Tuesday, October 20, 2009

The Teflon Bidens

Not quite Billy Carter. But Vice-President Joe Biden's son and brother make for quite a financial duo.

Last week Friday, a judge threw out a lawsuit against Vice President Joe Biden's youngest son and brother over their 2006 purchase of a hedge fund firm, saying an investor failed to be specific enough in claiming that they underhandedly shoehorned him out of the deal, NYT is reporting.

Stephane Farouze didn't lay out his allegations against Hunter Biden and James Biden ''with any meaningful degree of particularity,'' Manhattan state Supreme Court Justice Bernard J. Fried wrote in an order filed Friday.

Farouze, now the London-based global head of fund derivatives for Deutsche Bank, filed his $10 million suit against the Bidens and their former business associate Anthony Lotito Jr. in 2008.

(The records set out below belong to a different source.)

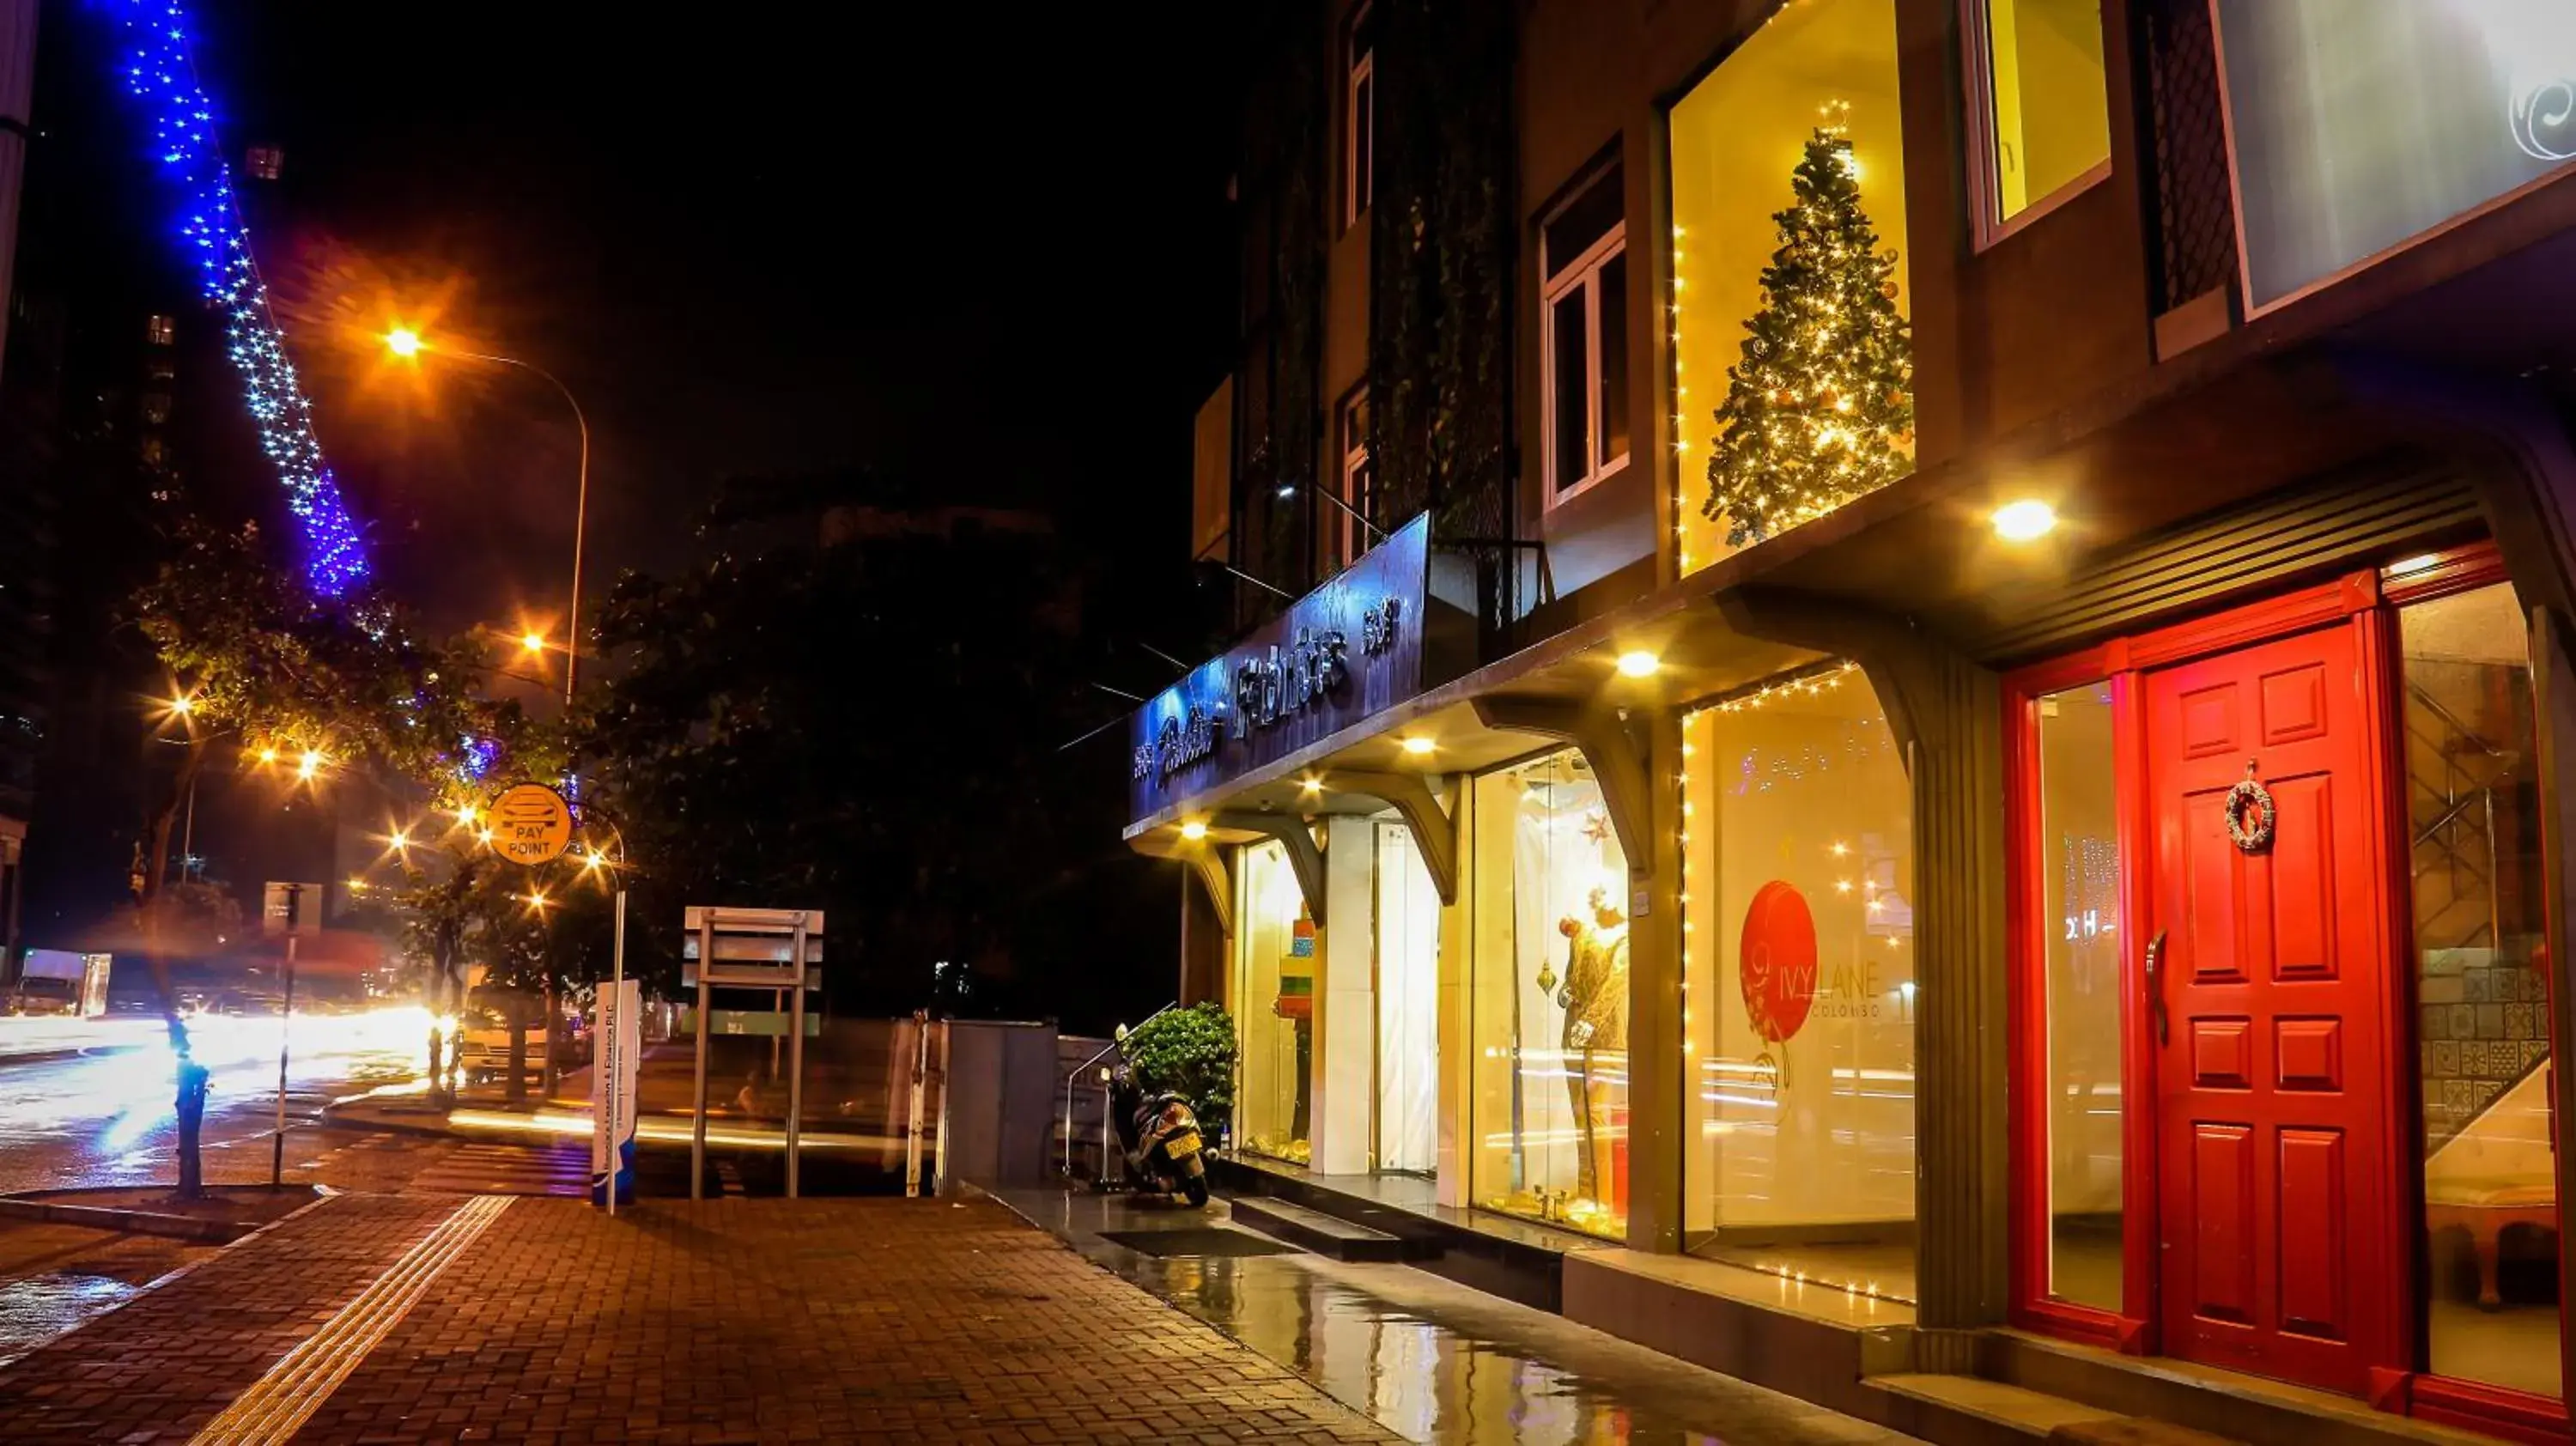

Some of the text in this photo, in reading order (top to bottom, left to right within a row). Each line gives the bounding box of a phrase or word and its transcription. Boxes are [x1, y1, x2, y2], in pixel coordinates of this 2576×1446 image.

[515, 826, 544, 839] PAY
[508, 842, 550, 855] POINT
[1779, 963, 1814, 1001] IVY
[1819, 959, 1880, 1000] LANE
[605, 1003, 614, 1026] PLC

Farouze said they schemed to gain control of his interest in the investment concern, Paradigm Cos. LLC, without buying him out. The Bidens' camp said Farouze never really owned the roughly 31 percent share he offered to sell them.

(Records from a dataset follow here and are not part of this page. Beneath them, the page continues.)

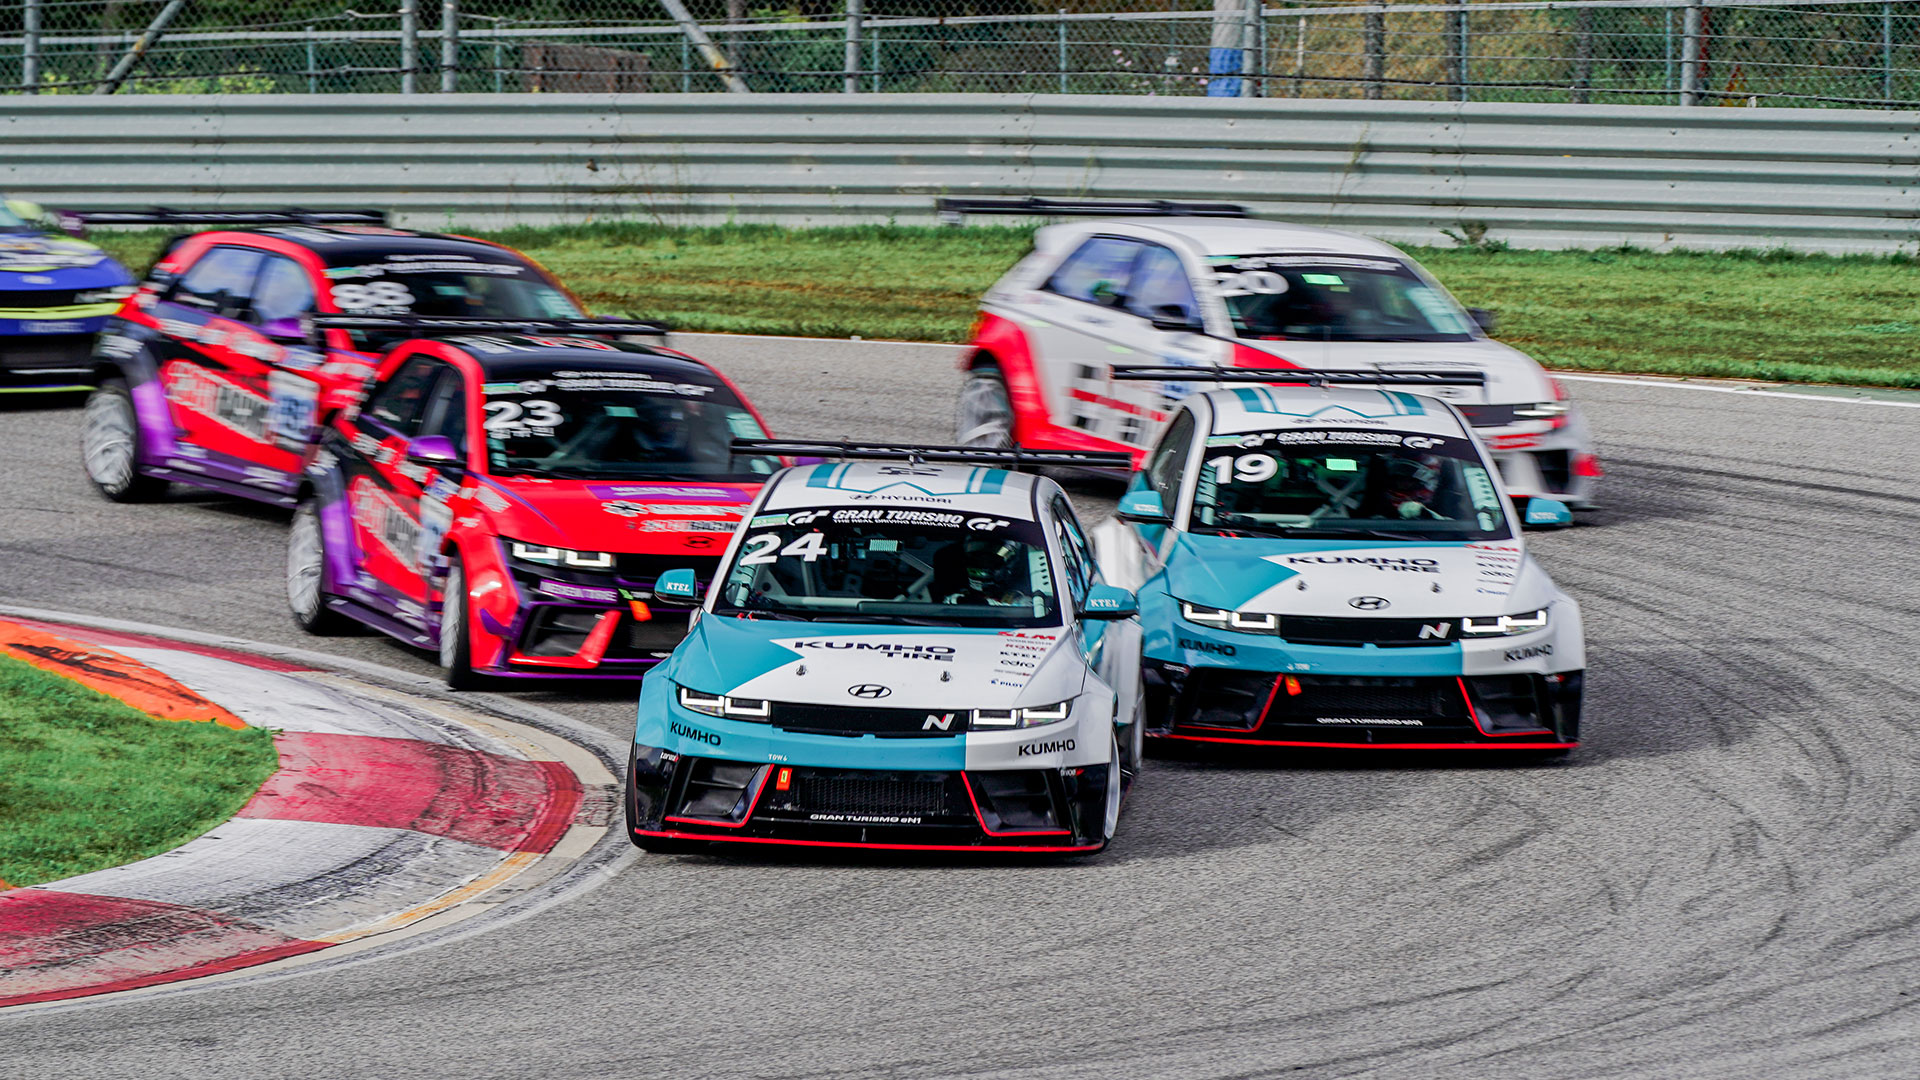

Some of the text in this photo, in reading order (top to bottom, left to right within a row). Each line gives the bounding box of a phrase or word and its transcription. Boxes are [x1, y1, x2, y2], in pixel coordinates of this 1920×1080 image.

[1203, 271, 1290, 297] 20
[330, 281, 416, 309] 88
[482, 400, 564, 429] 23
[1277, 431, 1326, 443] GRAN
[1327, 432, 1402, 444] TURISMO
[1207, 453, 1278, 484] 19
[881, 495, 952, 504] HYUNDAI
[832, 510, 965, 525] GRAN TURISMO
[911, 520, 960, 528] SIMULATOR
[740, 532, 828, 567] 24
[1287, 556, 1441, 566] KUMHO
[1369, 564, 1441, 573] TIRE
[666, 582, 690, 592] KTEL
[1090, 599, 1120, 608] KTEL
[997, 631, 1056, 640] KLM
[794, 641, 956, 654] KUMHO
[1178, 637, 1236, 656] KUMHO
[1503, 644, 1554, 662] KUMHO
[880, 651, 954, 662] TIRE
[1000, 651, 1041, 660] KTEL
[670, 721, 722, 746] KUMHO
[1018, 739, 1076, 757] KUMHO
[809, 813, 845, 821] GRAN
[845, 815, 900, 823] TURISMO

The dispute over ownership of Paradigm isn't the only interesting encounter this duo has had to deal with. The firm is (was?) housed on the 17th floor of 650 Fifth Ave in New York City, the location of two SEC alleged Ponzi schemes, one involving the accused multi-billion dollar Ponzi operator, Robert Allen Stanford.

Paradigm ran a joint venture fund with Stanford. The Biden duo are claiming stupidity on that arrangement, everyone seems to believe them.